Every day in the UK around 14 babies die before, during or soon after birth.
Sands estimates that had stillbirth and neonatal death rates for Black and Asian babies been the same as for White babies, 432 fewer babies would have died in 2019 in England and Wales.
This inequity is backed up by new analysis, released today by MBRRACE-UK, of the multidimensional effects of ethnicity, deprivation, and mother’s age on baby deaths in 2019 in the UK, which shows that multiple risk factors can combine to magnify the risk, deepening inequalities for some families.
Sands is calling on the Government to urgently fund an enquiry into Asian and British Asian baby deaths in the UK, as they have already for Black and Black British baby deaths.
The public can join the call for action by raising it with their MP today.
Health inequalities in relation to maternity outcomes have been known for over 70 years, yet we still lack evidence-based interventions to reduce these risks. Today’s statistics confirm the urgent need for action, and the government must set a target to reduce these clear inequalities in perinatal mortality.

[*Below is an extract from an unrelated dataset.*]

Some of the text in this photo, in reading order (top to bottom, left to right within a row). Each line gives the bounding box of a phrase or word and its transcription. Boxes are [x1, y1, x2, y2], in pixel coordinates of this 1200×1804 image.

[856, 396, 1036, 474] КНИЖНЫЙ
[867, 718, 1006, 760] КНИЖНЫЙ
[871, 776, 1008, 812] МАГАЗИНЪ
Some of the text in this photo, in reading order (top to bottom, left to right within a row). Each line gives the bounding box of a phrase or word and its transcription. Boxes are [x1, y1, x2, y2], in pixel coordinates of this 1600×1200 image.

This is a critical moment for maternity safety. Recent reports from the Health and Social Care Committee, the Ockenden Review of maternity services at Shrewsbury and Telford Hospital NHS Trust, and ongoing investigations at East Kent and Nottingham show just how much more must be done.
Funding a confidential enquiry into UK Asian baby deaths is a drop in the ocean financially when compared to the staggering £7.1 billion per year cost to the NHS of maternity compensation claims.

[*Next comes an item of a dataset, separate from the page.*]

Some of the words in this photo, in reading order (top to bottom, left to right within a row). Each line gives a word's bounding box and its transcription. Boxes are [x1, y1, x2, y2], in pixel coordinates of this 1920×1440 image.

Despite recent improvements, the current trajectory in reducing the rate of stillbirths means the Government will be a long way off achieving their National Maternity Safety Ambition to reduce stillbirths and neonatal deaths by 50% by 2025.

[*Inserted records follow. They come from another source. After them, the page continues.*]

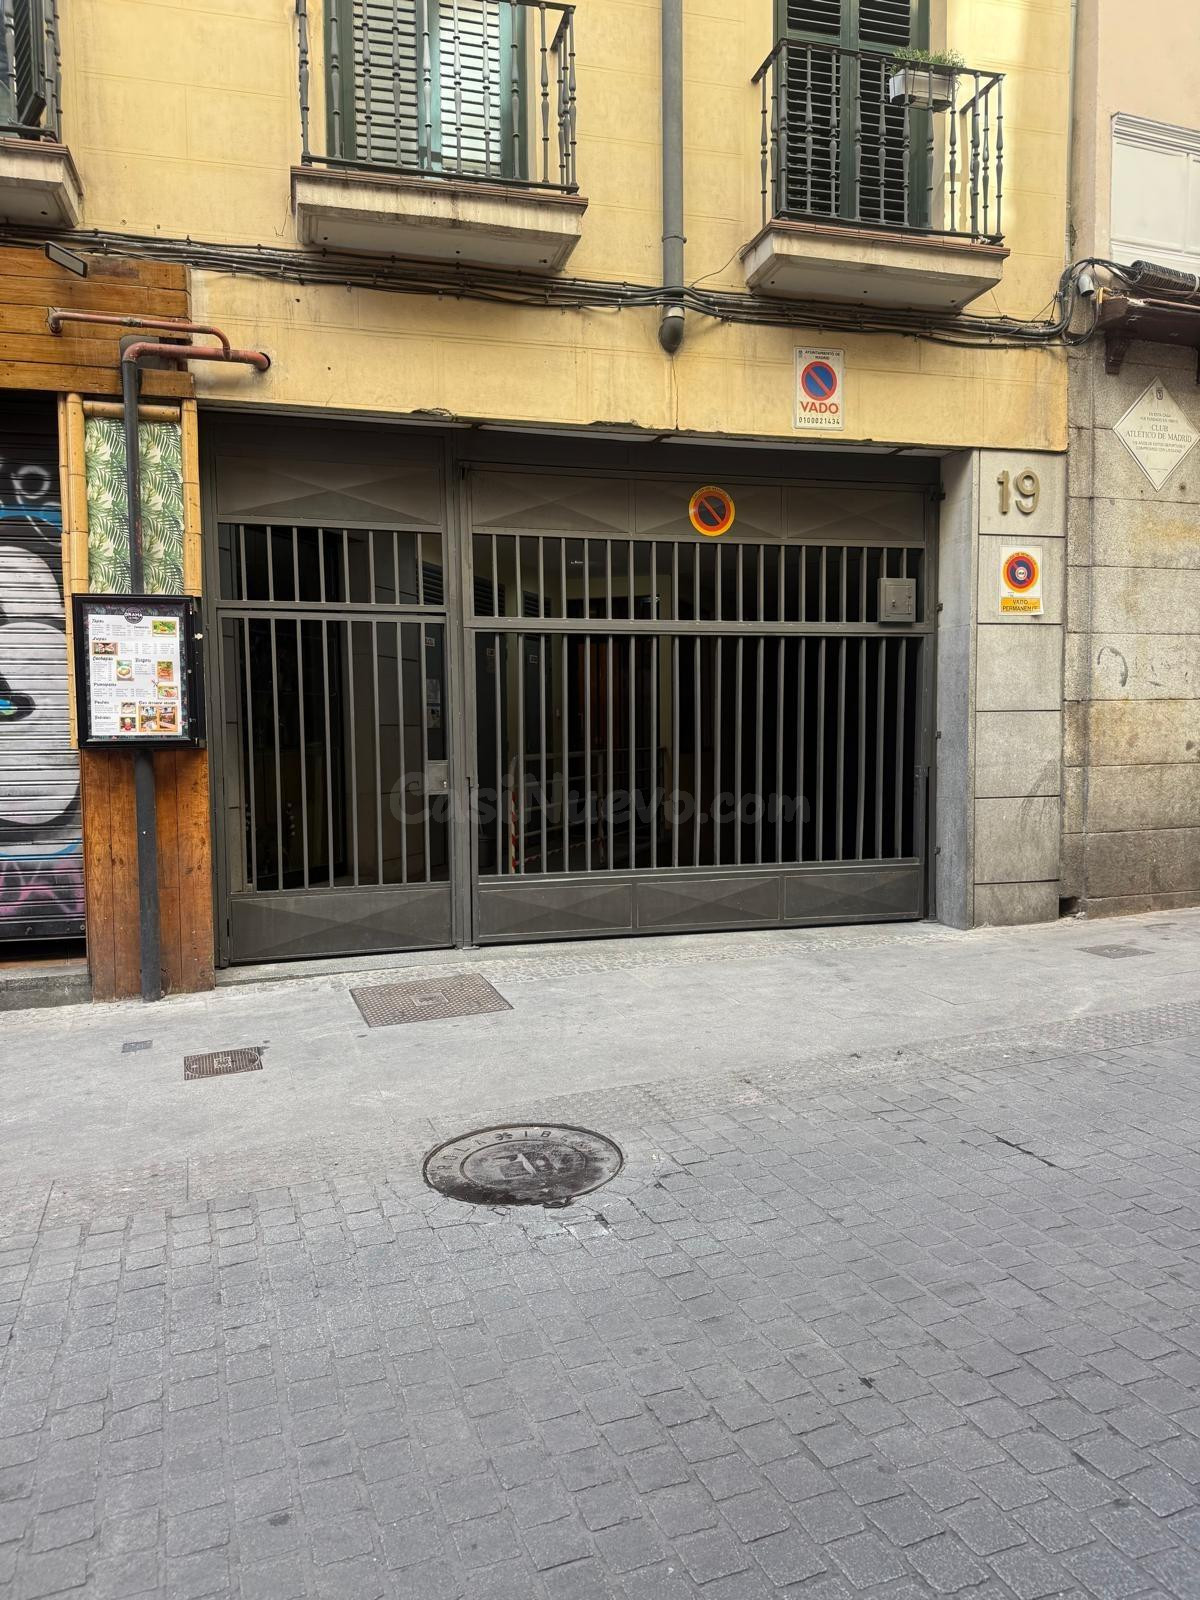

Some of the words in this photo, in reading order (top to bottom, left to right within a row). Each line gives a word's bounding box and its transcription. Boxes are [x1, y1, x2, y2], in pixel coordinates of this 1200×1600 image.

[800, 402, 839, 414] VADO
[1151, 424, 1169, 432] CLUB
[1157, 432, 1167, 440] DE
[1167, 433, 1192, 443] MADRID
[997, 470, 1041, 515] 19

- Clea Harmer, Chief Executive of Sands
Previous confidential enquiries have been crucial in driving down maternal and perinatal death rates in some groups. Currently, these essential enquiries only run every two years. Sands wants to see annual enquiries, also covering baby deaths linked to deprivation and those most highly impacted by the complex effects of inequality, as highlighted by today’s MBRRACE-UK Perinatal Mortality Surveillance Report.
Sands Ambassador Ksavi Joshi is a trained makeup artist and certified life coach who experienced post-natal depression after the unexpected death of her second son Shivai in 2015.
These statistics are so shocking and it’s vital that more is done to find out why babies from minority ethnic and socio-economically deprived backgrounds are at higher risk of dying before, during, or shortly after birth. Clearly there is a complex mix of risk factors and it’s important that people don’t feel scared or worried by today’s news. If anyone has concerns about their pregnancy or their baby I urge them to talk to their midwife or GP as soon as possible and don’t ever feel you are wasting their time.
As mum to Shivai, who died from an infection when he was just eight months old, I know deeply the pain felt by any parent whose baby dies, and like all bereaved mothers I wish I could prevent this ever happening to anyone else. This should be one of the safest countries in the world in which to have a baby but today’s statistics make clear that we are a long way off that goal. That’s why I am backing Sands’ call on the Government to urgently fund an enquiry into Asian and British Asian baby deaths in the UK.
- Ksavi Joshi
Ethnicity is not the only issue here; it is known that social deprivation increases the risk of baby deaths and that four in every five babies from Black ethnic groups are born in areas of social deprivation.
Other factors that affect risk include maternal age, disability, language, immigration status, geography, domestic abuse and chronic health conditions. With multiple factors clearly affecting outcomes, every pregnant women needs ongoing assessment her individual circumstances and health, and care that fits around their personal needs.